This graph shows us that the distance is quite bimodal with some people traveling for less than quarter of a kilometer while the majority of the users are riding for 1–1.5 kilometers. Then it decreases as the distance increases.

该图向我们显示，该距离是双峰的，有些人的行驶距离不到四分之一公里，而大多数用户的骑行距离为1-1.5公里。 然后，它随着距离的增加而减小。

讨论您感兴趣的变量的分布。有什么异常之处吗？您需要执行任何转换吗？ (Discuss the distribution(s) of your variable(s) of interest. Were there any unusual points?

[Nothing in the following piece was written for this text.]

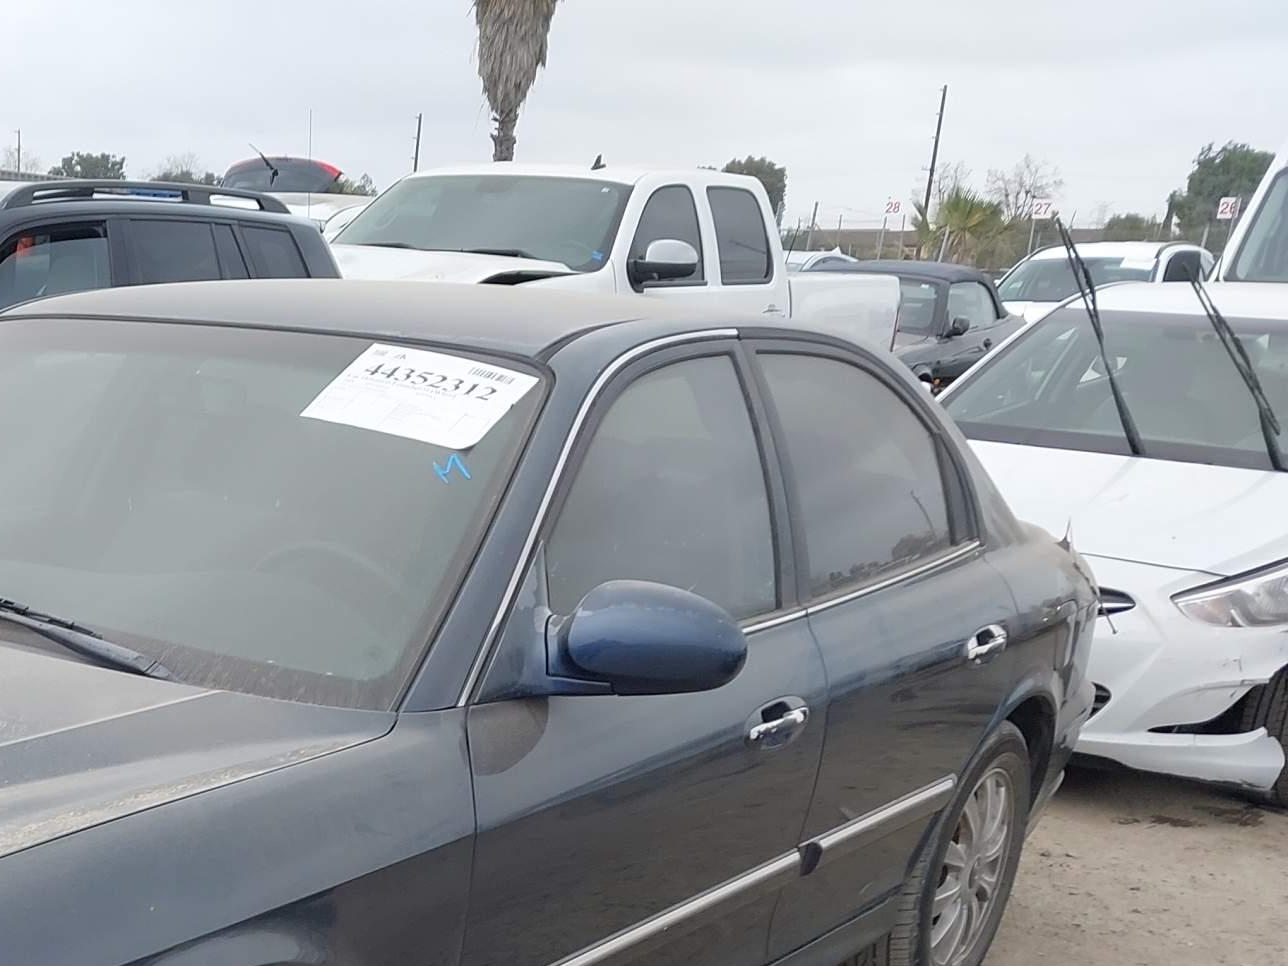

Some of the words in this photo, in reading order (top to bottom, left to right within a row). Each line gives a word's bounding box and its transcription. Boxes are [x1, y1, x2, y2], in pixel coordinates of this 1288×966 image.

[885, 201, 901, 214] 28
[1034, 202, 1052, 215] 27
[365, 362, 498, 401] 44352312
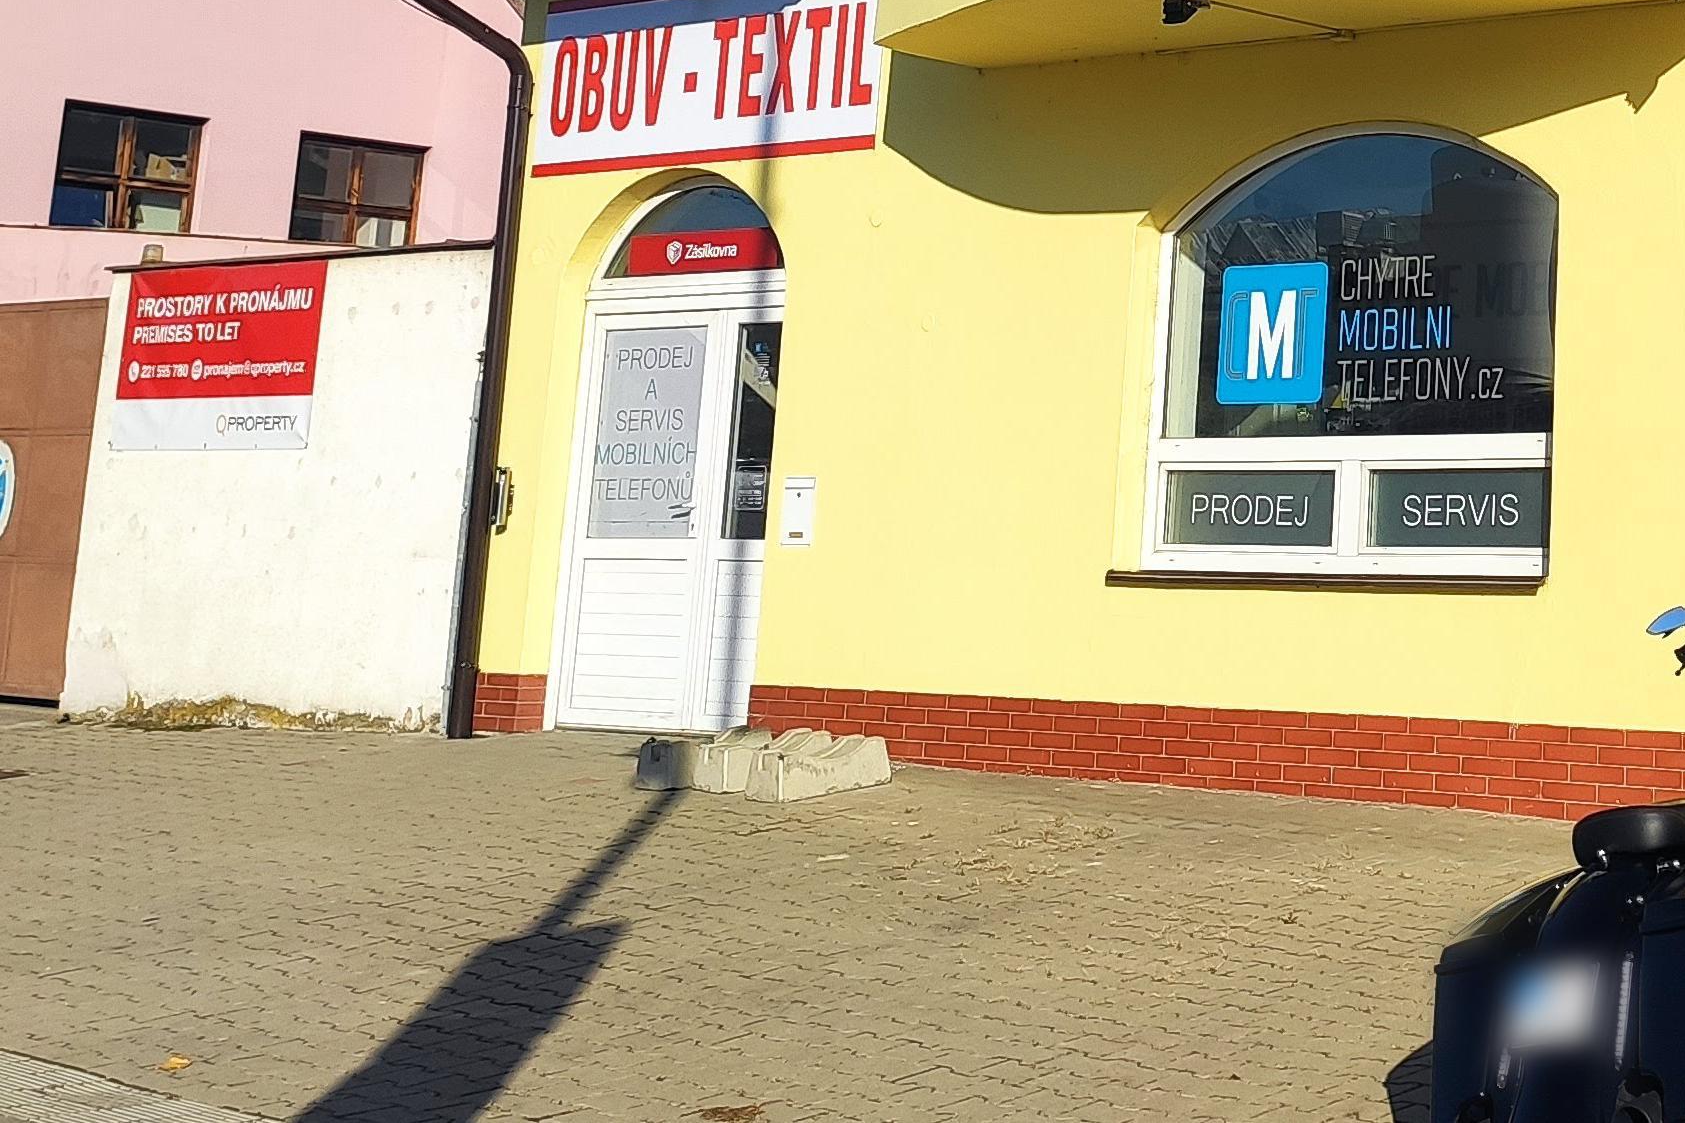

Did you need to perform any transformations?)

The duration_sec variable had a large range of value, so I used log transformation. Under the transformation, the data looked unimodel with the peak at 550 seconds.

duration_sec变量的值范围很大，因此我使用了对数转换。 在转换下，数据看起来是单一模型，峰值为550秒。

在您调查的功能中，是否存在任何异常分布？您是否对数据执行了任何操作以整理，调整或更改数据的形式？如果是这样，您为什么这样做？ (Of the features you investigated, were there any unusual distributions? Did you perform any operations on the data to tidy, adjust, or change the form of the data? If so, why did you do this?)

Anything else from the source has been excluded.